An athlete’s only protest option is to challenge these regulations or a decision made pursuant to them. Mounting a case is a significant undertaking, with tremendous personal, financial, emotional, and psychological costs. Challenging these regulations necessitates disclosure that an athlete has an intersex variation. Owing to widespread misunderstandings about sex biology and variations in sex characteristics this will necessarily mete out both suspicion and judgement on the sex and gender identity of the athletes. In doing so, it reproduces the same harms as prior regulations. As previously, women are likely to suffer from “having their underlying biology indiscriminately scrutinized in the world media” (Genel, Simpson, and de la Chapelle 2016, E2).

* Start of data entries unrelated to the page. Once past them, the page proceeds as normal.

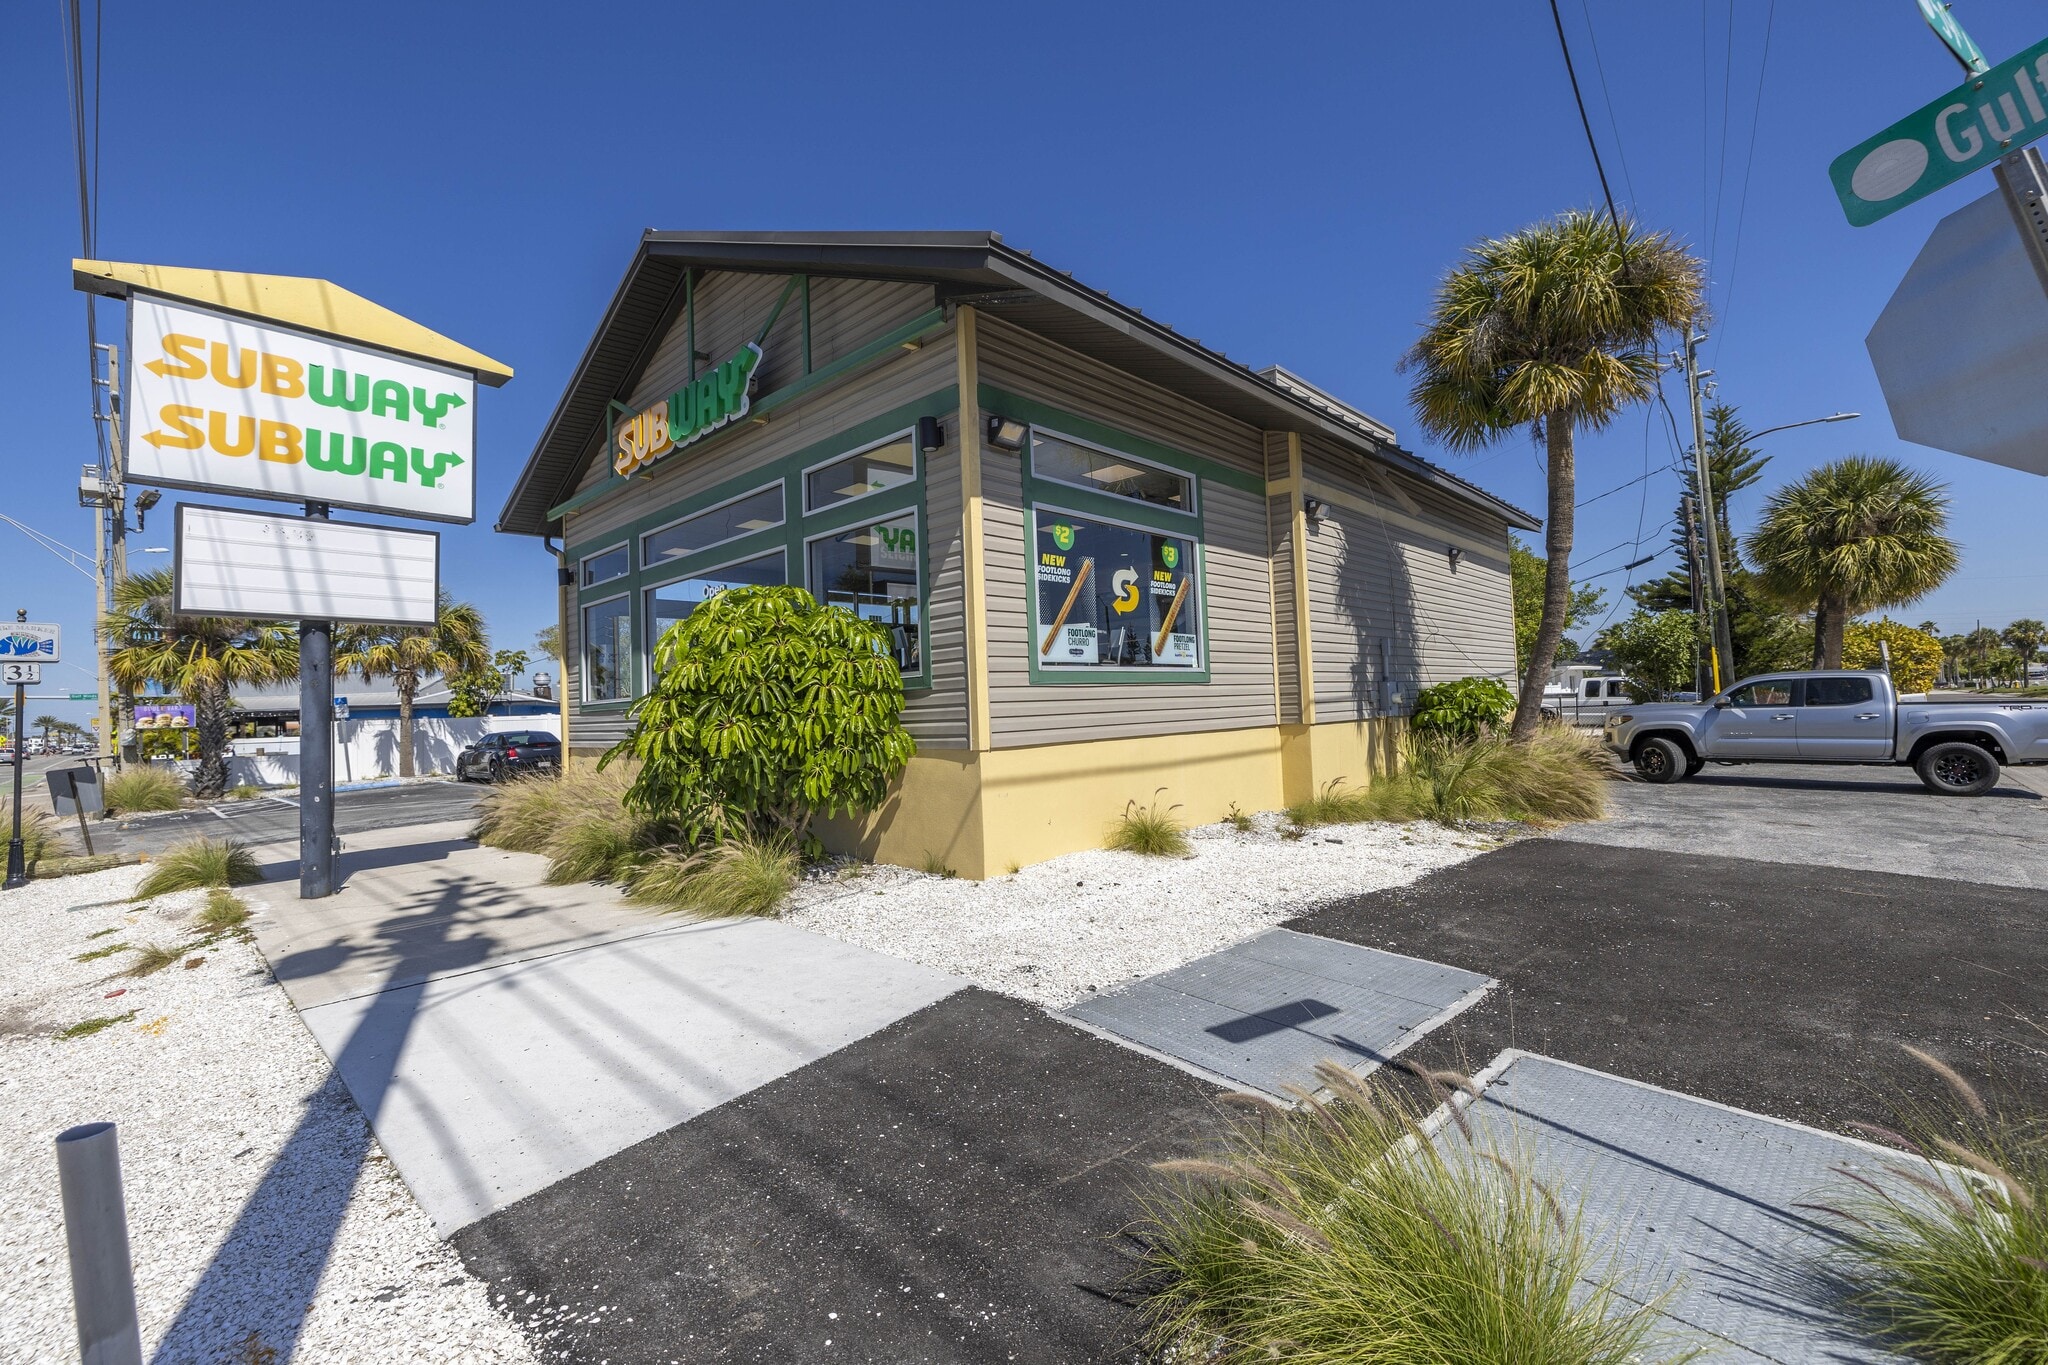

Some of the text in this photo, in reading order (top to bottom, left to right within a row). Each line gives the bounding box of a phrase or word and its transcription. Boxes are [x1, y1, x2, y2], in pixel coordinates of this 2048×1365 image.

[143, 333, 467, 428] SUBWAY
[614, 345, 761, 477] SUBWAY
[141, 403, 466, 488] SUBWAY
[1055, 524, 1069, 544] $2
[1041, 553, 1066, 567] NEW
[1163, 545, 1175, 562] $3
[1038, 565, 1072, 577] FOOTLONG
[1153, 570, 1173, 583] NEW
[1038, 573, 1071, 584] SIDEKICKS
[1150, 580, 1177, 590] FOOTLONG
[703, 584, 725, 601] Open
[1150, 587, 1176, 597] SIDEKICKS
[1068, 629, 1096, 638] FOOTLONG
[1173, 635, 1195, 644] FOOTLONG
[1068, 637, 1090, 647] CHURRO
[1174, 643, 1191, 651] PRETZEL
[7, 665, 22, 680] 3

Athletes must bear half the cost of an ombudsperson as well as the cost of a legal challenge (IAAF 2018a, secs. 3.16, 3.17). She may also be barred from competing while the case is active, forced to watch her prime competitive years pass her by as the case drags on. Any challenge may mark the end of an athlete’s career.

Conclusion

The new IAAF regulations not only fail to uphold dignity, privacy, and fairness for all women athletes, they violate these principles and more generally hamper athlete participation. These harms are not incidental to the regulations; they are inherent to them. Contrary to claims made in the regulations regarding confidentiality and non-disclosure to third parties, all choices available to athletes other than lowering testosterone have the strong potential to reveal the athletes as having an intersex variation thus violating privacy at the broadest level under the regulations. Moreover, recent and historical media debates about women’s biological characteristics exemplify the exclusion, public misconceptions, and stigmatization that continue to make disclosure harmful and even dangerous. Indeed, some of the options here raise the bar for challenges so high as to discourage them. The regulations will, as they always have been, be enforced through humiliation, stigmatization, and fear. The alternatives available to athletes are presented under the guise of choice, but each option carries its own high price. The choice is to subjugate oneself to power: alter your body, accept being labelled, or leave. It is an impossible set of choices.